As I write this in the early part of the twenty-first century, the tech industry is in a love affair with data. Instead of making product decisions based on hunches or wishful thinking, we use A/B testing to gather data on the alternatives and we choose according to what the data shows.

The dark side of the data obsession is an insistence that every decision be backed up by data: you can’t make a move unless you prove that it’s worthwhile. Or so the thinking goes.

There are lots of pitfalls with this thinking. One in particular is that, sometimes, you don’t need data to prove your point. You can do better: you can use math.

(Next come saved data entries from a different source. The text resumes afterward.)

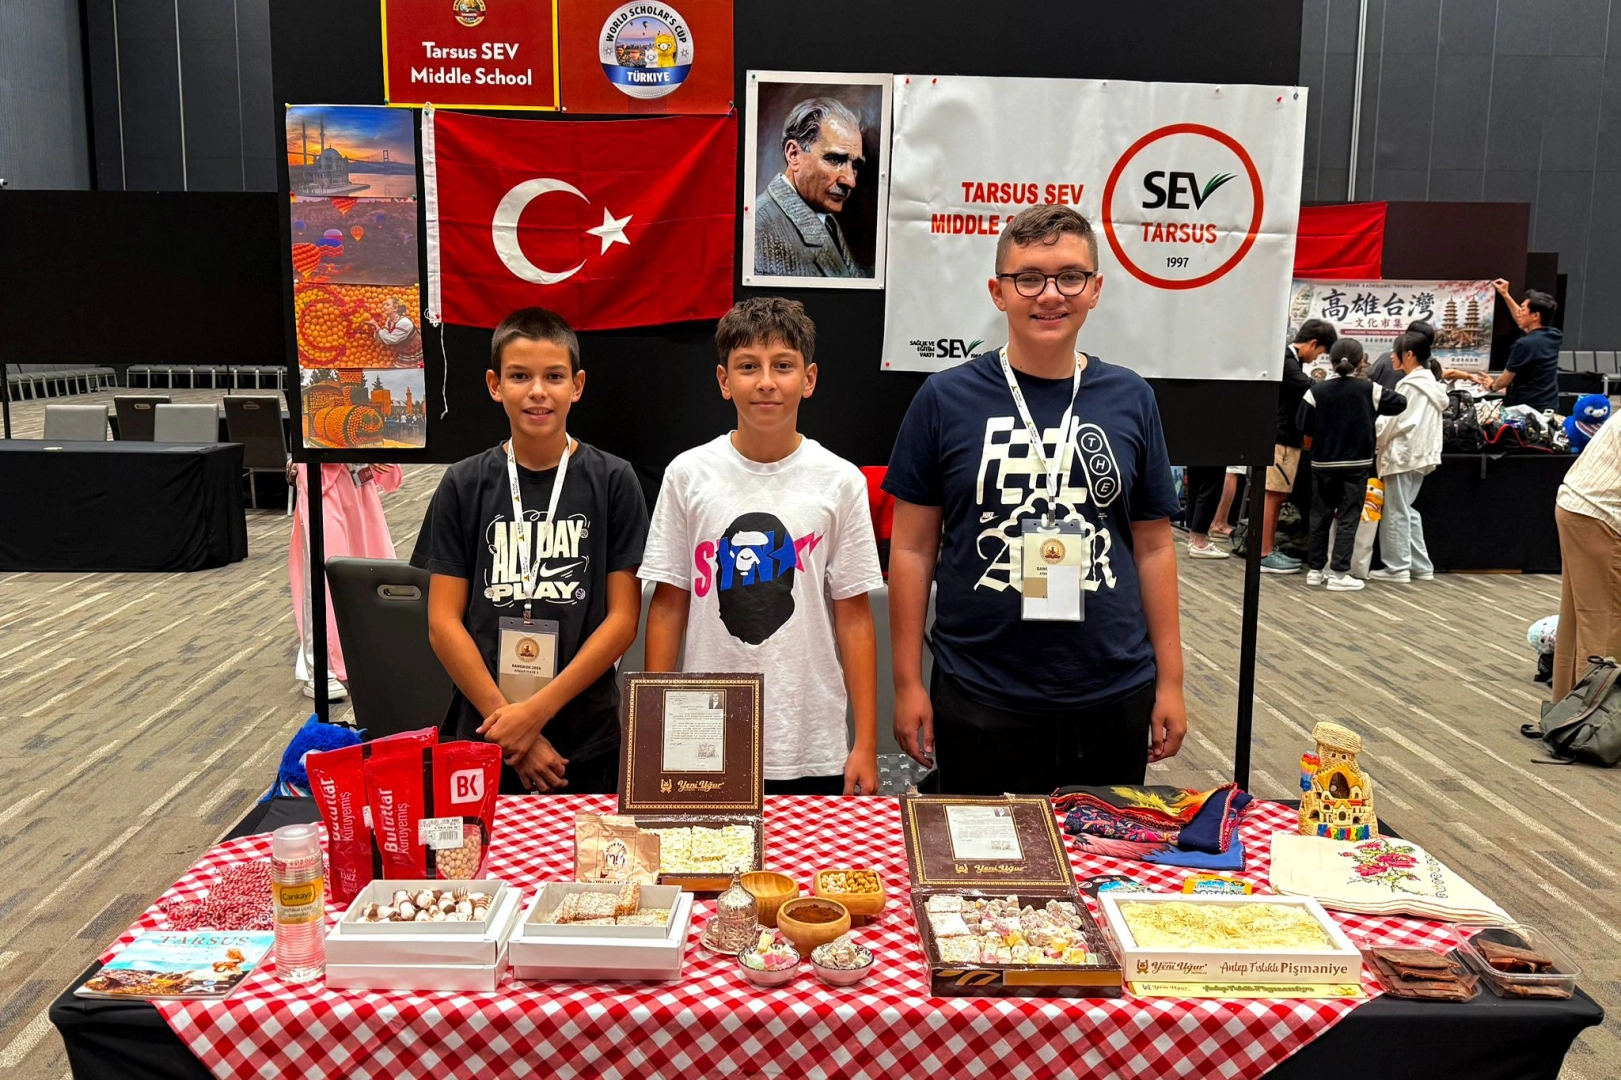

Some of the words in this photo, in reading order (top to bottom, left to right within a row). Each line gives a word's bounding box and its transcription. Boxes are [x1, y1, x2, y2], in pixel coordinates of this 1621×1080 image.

[606, 13, 628, 42] WORLD
[629, 5, 677, 26] SCHOLAR'S
[674, 25, 687, 43] CUP
[422, 42, 477, 60] Tarsus
[481, 42, 520, 60] SEV
[411, 67, 472, 85] Middle
[475, 68, 532, 86] School
[962, 181, 1039, 204] TARSUS
[1044, 184, 1084, 205] SEV
[1142, 170, 1238, 211] SEV
[931, 213, 999, 235] MIDDLE
[1142, 222, 1217, 244] TARSUS
[1166, 256, 1189, 268] 1997
[1321, 288, 1435, 321] 高雄台灣
[936, 338, 984, 359] SEV
[537, 519, 584, 559] DAY
[491, 581, 581, 602] PLAY
[677, 779, 698, 793] Yeni
[340, 791, 356, 842] Kuruyemiş
[379, 787, 398, 853] Bulutlar
[397, 802, 412, 854] Kuruyemiş
[159, 935, 250, 946] TARSUS
[1151, 961, 1176, 974] Yeni
[1176, 961, 1205, 974] Uğur
[1220, 961, 1249, 976] Antep
[1280, 962, 1348, 976] Pişmaniye
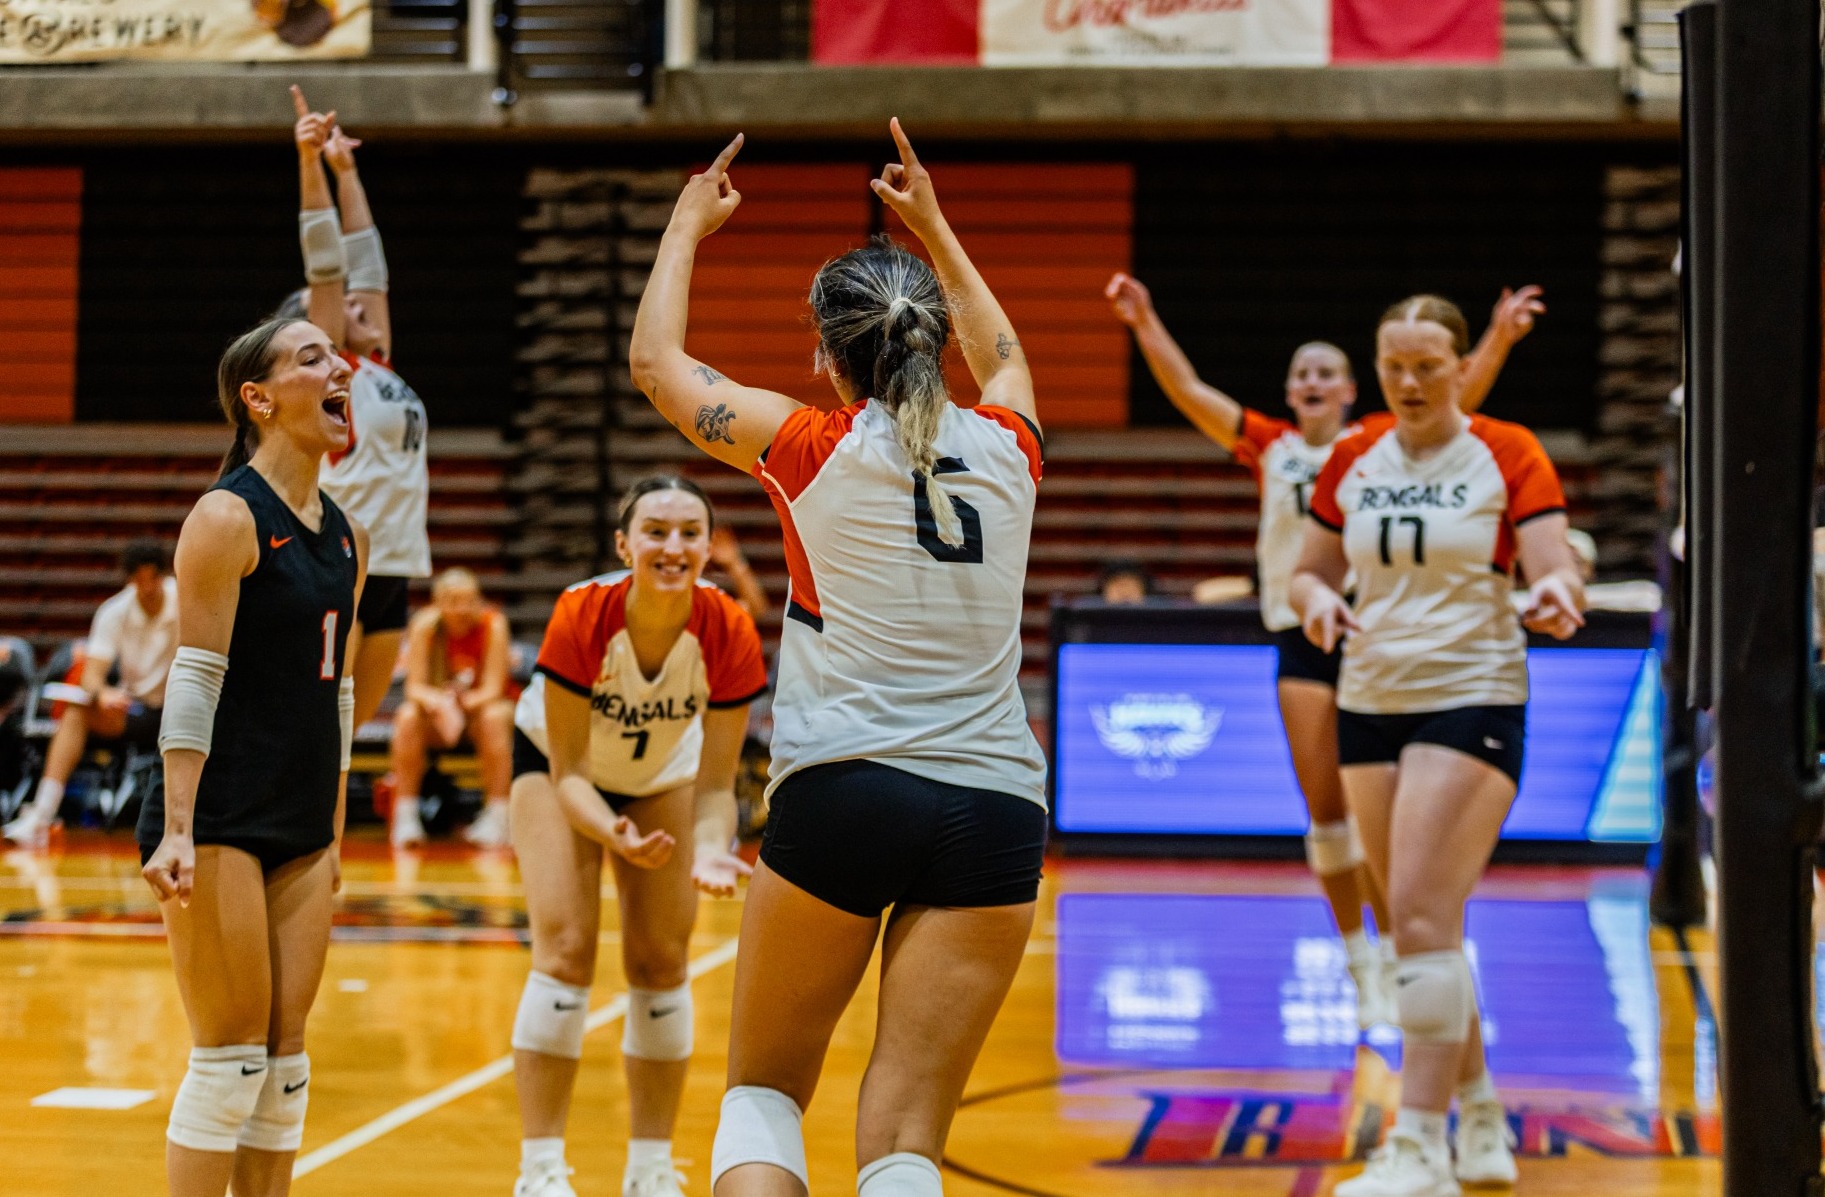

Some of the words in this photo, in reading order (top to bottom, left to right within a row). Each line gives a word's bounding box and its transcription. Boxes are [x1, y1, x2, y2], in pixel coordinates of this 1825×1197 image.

[911, 456, 984, 564] 6
[1380, 516, 1424, 566] 17
[319, 609, 339, 681] 1
[621, 729, 650, 761] 7

Math, for example, tells us that the sum of the length of any two legs of a triangle is greater than the length of the other leg. It would be extremely dumb to demand that someone go out and measure a bunch of triangles to “prove” or “disprove” this. If we take a measurement that violates the Triangle Inequality, it can only mean that we have a broken ruler, poor measurement skills, or a busted “triangle” with crooked sides.

And this brings me to the subject of safe and unsafe programming languages, which I can’t stop writing about (1, 2, 3, 4, 5, 6, 7, 8, 9, 10, 11, 12, 13).

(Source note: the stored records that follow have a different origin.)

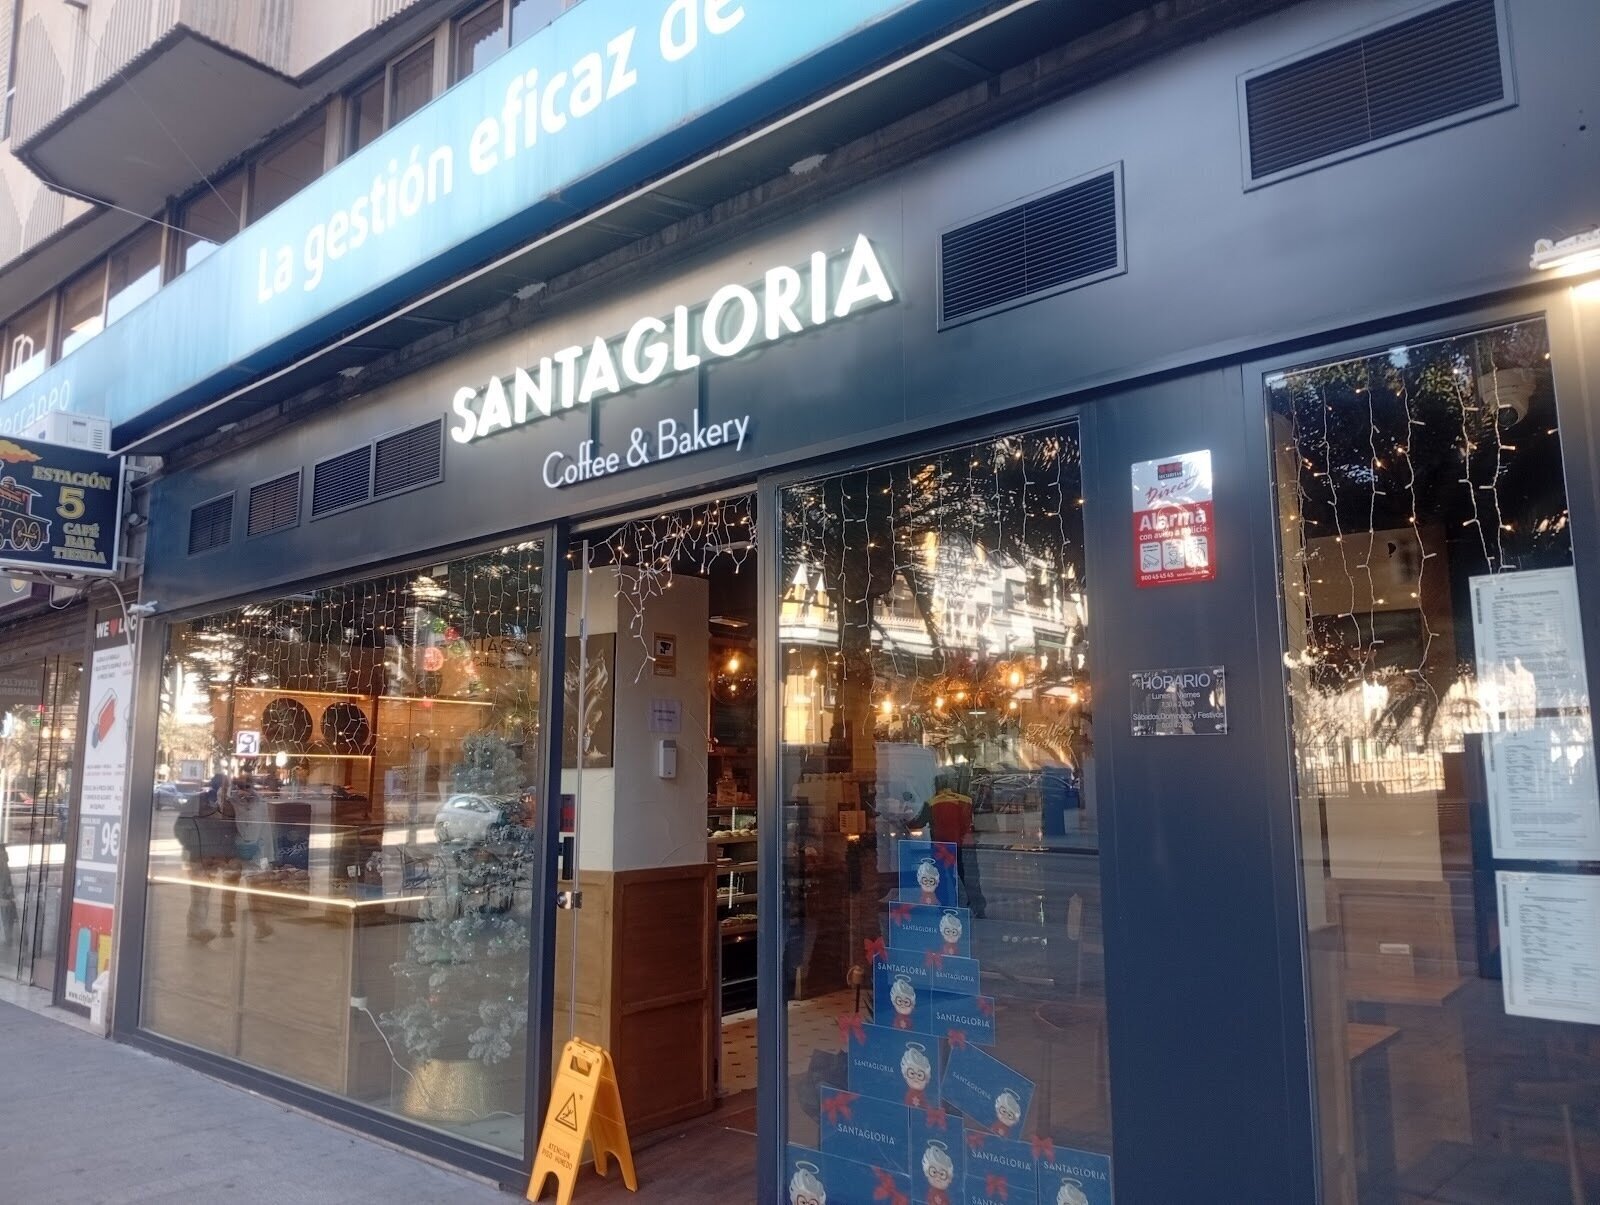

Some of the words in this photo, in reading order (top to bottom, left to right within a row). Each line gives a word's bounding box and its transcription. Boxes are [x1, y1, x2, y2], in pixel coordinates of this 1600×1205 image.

[257, 243, 294, 305] La
[303, 144, 454, 292] gestión
[468, 25, 638, 176] eficaz
[450, 233, 894, 445] SANTAGLORIA
[542, 439, 619, 489] Coffee
[626, 427, 650, 468] &
[658, 408, 750, 452] Bakery
[31, 465, 113, 490] ESTACIÓN
[56, 485, 85, 520] 5
[1139, 508, 1207, 531] Alarma
[62, 522, 100, 539] CAFÉ
[1139, 533, 1153, 541] con
[64, 534, 97, 550] BAR
[52, 546, 107, 564] TIENDA
[96, 620, 110, 639] WE
[1141, 673, 1211, 690] HORARIO
[1197, 711, 1224, 720] Festivos
[902, 923, 938, 934] SANTAGLORIA
[877, 962, 927, 977] SANTAGLORIA
[936, 971, 975, 984] SANTAGLORIA
[936, 1011, 991, 1029] SANTAGLORIA
[854, 1058, 894, 1074] SANTAGLORIA
[952, 1071, 993, 1100] SANTAGLORIA
[836, 1123, 896, 1145] SANTAGLORIA
[971, 1150, 1032, 1172] SANTAGLORIA
[1043, 1161, 1107, 1180] SANTAGLORIA

Many people don’t realize that the word “safe” is not just wishful thinking. “Safe” is a technical term with a mathematical meaning. The behavior of these languages can be written down mathematically and it can be proved that their behavior does not include memory errors.

Some people won’t believe this until they see the data. They want a comprehensive review of all the literature, vulnerability reports, etc., something which would require an immense effort. If the point is to show that safe languages do not have memory errors, that would a waste. Math has already told us that.

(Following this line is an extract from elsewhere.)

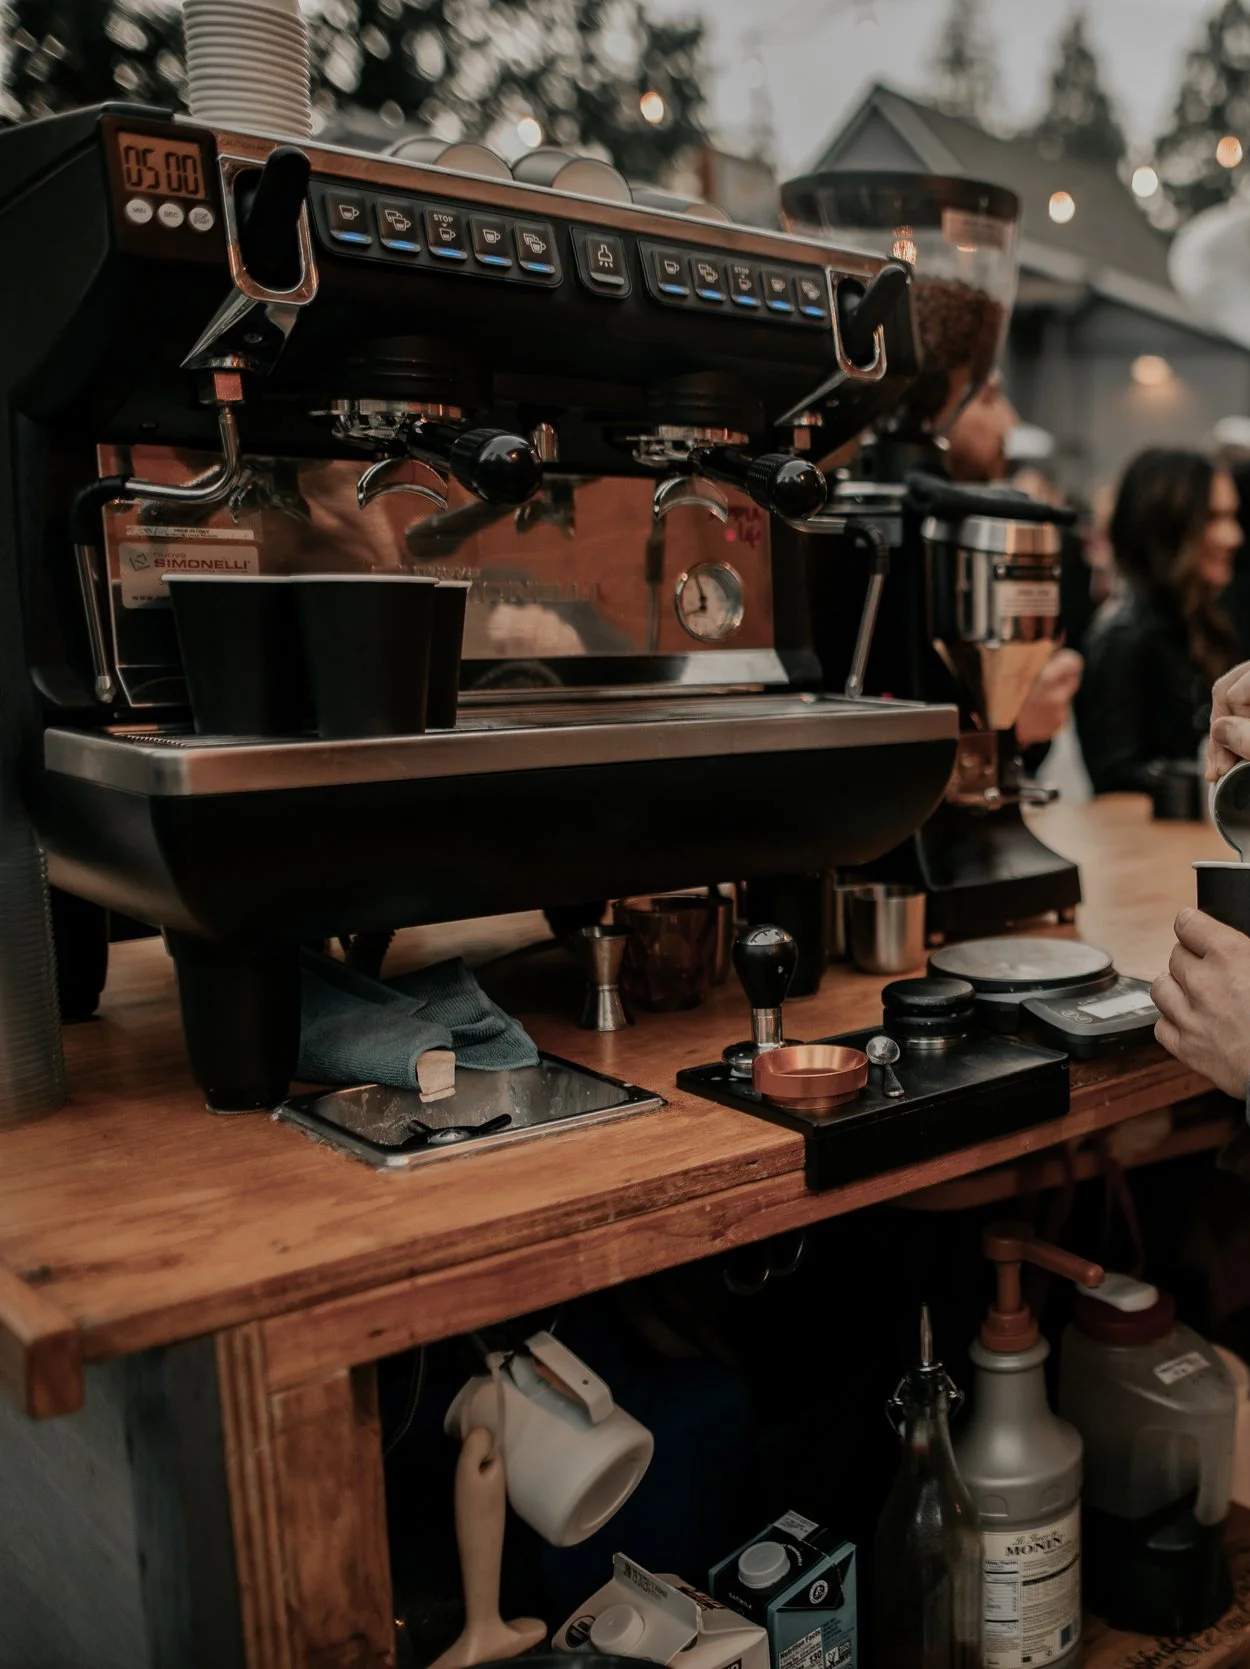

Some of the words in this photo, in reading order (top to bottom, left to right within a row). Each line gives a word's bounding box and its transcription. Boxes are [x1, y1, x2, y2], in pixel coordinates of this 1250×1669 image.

This is not to say that data is useless. As with the Triangle Inequality, we may find a data point that seems to show that a safe language has a memory error—but math tells us that this would inevitably show a completely different problem. Namely, the safe language compiles to an unsafe language, or the safe language is interpreted by a program written in an unsafe language, or the safe language is calling a library written in an unsafe language. In other words, the data can help us find bugs in safe language implementations.

If safe language implementations can have memory errors, does this make their mathematical guarantee worthless? No, for two reasons.

First, fixing a bug in a safe language implementation makes all programs written in that language safer. This is the same reason it makes sense to use a well-tested and widely-used library for a critical task rather than roll your own code.

Second, remember that we have been working on safe languages for more than 40 years, and we know a lot about how to make their implementations safe. In particular, and we know how to create safe machine languages. That is, we can compile a safe high level language into a safe machine language that can run directly on the hardware. Turtles all the way down, as they say. Or better yet: math all the way down.